Imagine Bush, Donald Rumsfeld, Dick Cheney, Condoleezza Rice, and Paul Wolfowitz surveying the scene after they've finished destroying the regime of Saddam Hussein. As they look out at other trouble spots -- North Korea, Saudi Arabia, Pakistan, Syria, Iran -- they are going to be feeling very, very sure of themselves, full of smugness and vindication after having triumphed over their critics.

Now ask yourself this: do you not want Colin Powell in the room with them?

Hazardous duty. Boston Globe reporter Brian MacQuarrie, who's embedded with an Army unit, almost bought the farm yesterday. His harrowing account is online here.

Gitell on the Turks and the Kurds. The Phoenix's Seth Gitell writes to Media Log:

I think the focus the left has placed at merely protesting the war has robbed the country of an important moral voice right now. Turkey has currently placed at least 1000 troops into Northern Iraq. Pentagon spokesmen from Myers to Franks have minimized the danger posed by the Turkish Army in this region and have expressed little interest in the issue.
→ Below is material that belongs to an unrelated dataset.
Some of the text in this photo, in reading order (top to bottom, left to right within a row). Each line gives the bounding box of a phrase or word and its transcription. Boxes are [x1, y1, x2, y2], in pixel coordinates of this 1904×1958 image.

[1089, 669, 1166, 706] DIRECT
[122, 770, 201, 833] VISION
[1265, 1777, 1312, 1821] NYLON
But the Turks directly imperil the people who have been most victimized by Saddam, the Kurds of the North.

Because so much of the antiwar sentiment has done everything to ignore Saddam's humanitarian depravities in the North, you don't see any moral voices making the case on behalf of the Kurds in any of the antiwar protests on the street. To me, allowing the Kurds, who have managed to govern themselves for the last 12 years, to fall under the occupation of the Turks -- especially with the help they have given us in the effort against Saddam -- would be an unbelievable outrage.

That's something people should be protesting about. Unlike the question of war versus peace, it's probably a question that protesters could have some impact on.

Friday, March 21, 2003

Rumsfeld's -- and Bush's -- dilemma. It's hard to tell when things aren't going well for Secretary of Defense Donald Rumsfeld, because he's so peevish and arrogant even on a good day. But at his news conference today, it seemed pretty clear that things aren't going the way he would have liked.
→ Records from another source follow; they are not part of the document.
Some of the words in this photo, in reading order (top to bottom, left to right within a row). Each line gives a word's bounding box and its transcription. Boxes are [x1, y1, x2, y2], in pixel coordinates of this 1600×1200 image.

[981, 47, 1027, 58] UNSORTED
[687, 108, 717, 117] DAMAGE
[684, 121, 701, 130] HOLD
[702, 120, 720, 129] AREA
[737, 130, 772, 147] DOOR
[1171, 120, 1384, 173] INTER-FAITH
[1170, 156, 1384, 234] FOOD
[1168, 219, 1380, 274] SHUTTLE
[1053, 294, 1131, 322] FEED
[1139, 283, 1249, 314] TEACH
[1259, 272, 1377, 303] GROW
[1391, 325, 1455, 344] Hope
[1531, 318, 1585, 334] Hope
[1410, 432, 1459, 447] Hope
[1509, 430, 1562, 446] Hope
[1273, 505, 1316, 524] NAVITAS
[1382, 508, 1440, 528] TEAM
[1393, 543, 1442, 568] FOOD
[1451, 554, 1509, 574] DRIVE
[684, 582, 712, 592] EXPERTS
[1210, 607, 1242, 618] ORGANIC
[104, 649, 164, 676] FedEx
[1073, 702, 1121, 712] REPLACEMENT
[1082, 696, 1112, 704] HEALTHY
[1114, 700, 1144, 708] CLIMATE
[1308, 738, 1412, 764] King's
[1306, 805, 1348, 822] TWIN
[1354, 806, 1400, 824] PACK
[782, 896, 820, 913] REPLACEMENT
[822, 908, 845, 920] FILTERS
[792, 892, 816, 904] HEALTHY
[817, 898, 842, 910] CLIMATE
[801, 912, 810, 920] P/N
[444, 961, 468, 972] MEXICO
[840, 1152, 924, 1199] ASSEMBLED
What's becoming increasingly obvious is that the White House and the Pentagon are striving mightily to avoid unleashing the full force of their "shock and awe" campaign, and that they're frustrated over the Iraqi leadership's refusal to behave in a way that, in the US view, is rational.

"Apparently what we have done thus far has not been sufficiently persuasive," Rumsfeld said at this afternoon's briefing. He listed a series of intermittent steps that could have brought about the desired result: the 48-hour ultimatum that President Bush delivered on Monday evening; the bombing of a leadership compound Wednesday night; the start of the ground campaign Thursday night; and, earlier today, what might be called "shock and awe lite" -- an intense bombardment of Bagdhad that lasted for a limited time.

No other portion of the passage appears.